4. Adjudication method (e.g. 2+1, 3+1, none) for the test set

This information is not applicable. Adjudication methods like 2+1 or 3+1 are used for establishing ground truth in human-in-the-loop or expert consensus studies, which are not relevant to the described non-clinical performance testing of a powered wheelchair.

5. If a multi reader multi case (MRMC) comparative effectiveness study was done, If so, what was the effect size of how much human readers improve with AI vs without AI assistance

This information is not applicable. An MRMC study is relevant for diagnostic devices involving human readers (e.g., radiologists interpreting images) and AI assistance. This document describes a powered wheelchair, which does not involve "human readers" or AI assistance in this context.

6. If a standalone (i.e. algorithm only without human-in-the-loop performance) was done

This information is not applicable. There is no "algorithm" in the sense of AI/ML being evaluated in a standalone or human-in-the-loop manner for this device. The wheelchair itself has a "fully programmable controller" and motors, but the testing described is of the physical device's performance against engineering standards.

7. The type of ground truth used (expert consensus, pathology, outcomes data, etc)

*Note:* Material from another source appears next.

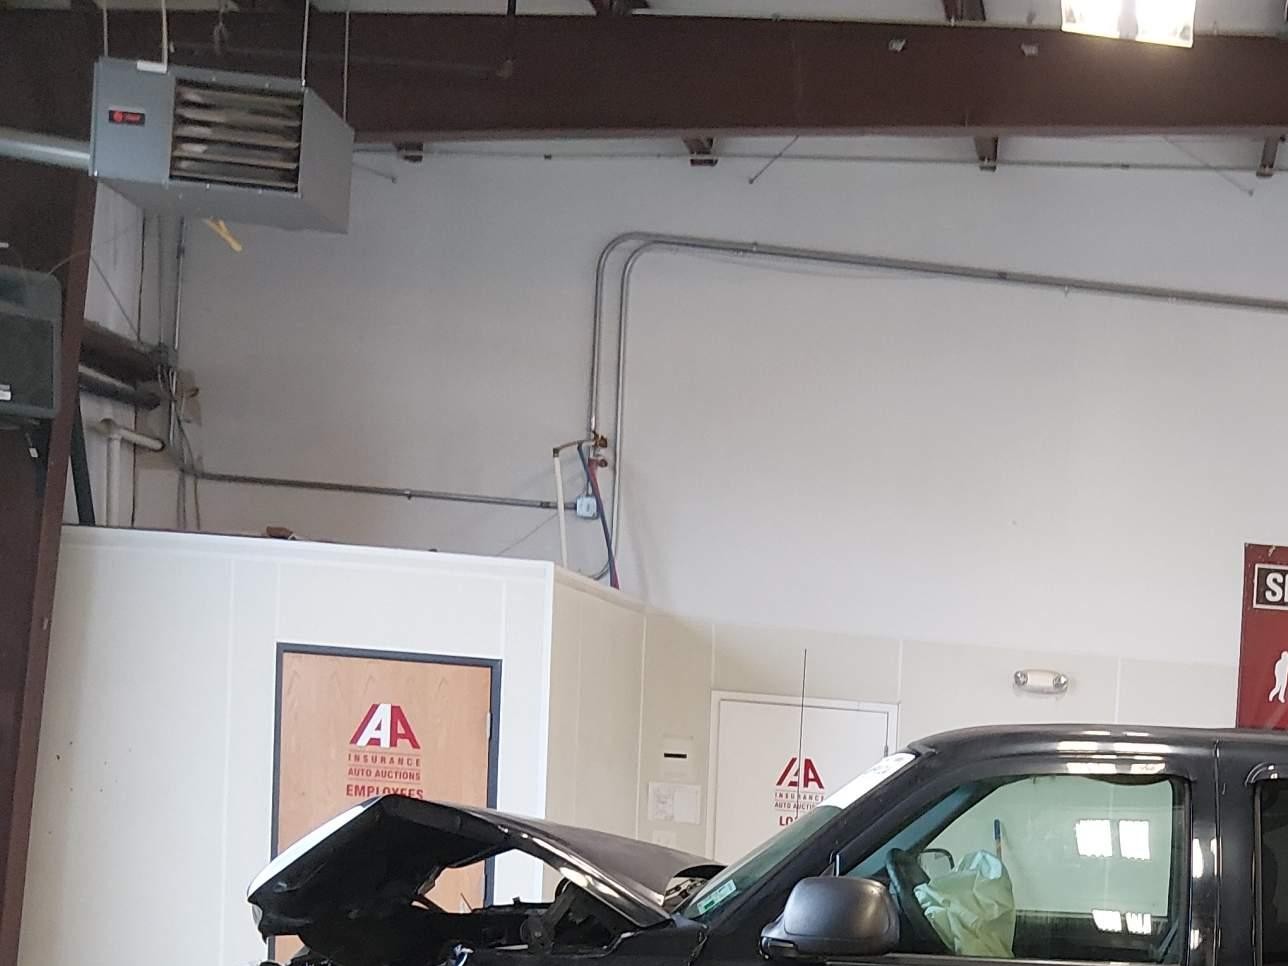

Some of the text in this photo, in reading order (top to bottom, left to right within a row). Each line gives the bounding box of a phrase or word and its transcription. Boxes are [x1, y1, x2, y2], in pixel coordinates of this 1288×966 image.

For the non-clinical testing, the "ground truth" is established by objective engineering standards and measurements. This includes:

  • ISO & ANSI/RESNA standards: These are internationally recognized standards that define acceptable performance limits for various aspects (e.g., stability, brake performance, energy requirements).
  • Measurement of physical parameters: Tests would involve instruments to measure stability angles, brake distances, energy consumption, material flammability, electromagnetic compatibility, etc., against predefined pass/fail criteria from the standards.

8. The sample size for the training set

This information is not applicable. There is no "training set" in the context of an AI/ML algorithm for this device. The design and manufacturing process for the wheelchair would involve materials selection, engineering design, prototyping, and testing, but not machine learning training.

9. How the ground truth for the training set was established

This information is not applicable for the same reasons as point 8.

§ 890.3860 Powered wheelchair.

(a)
Identification. A powered wheelchair is a battery-operated device with wheels that is intended for medical purposes to provide mobility to persons restricted to a sitting position.(b)
Classification. Class II (performance standards).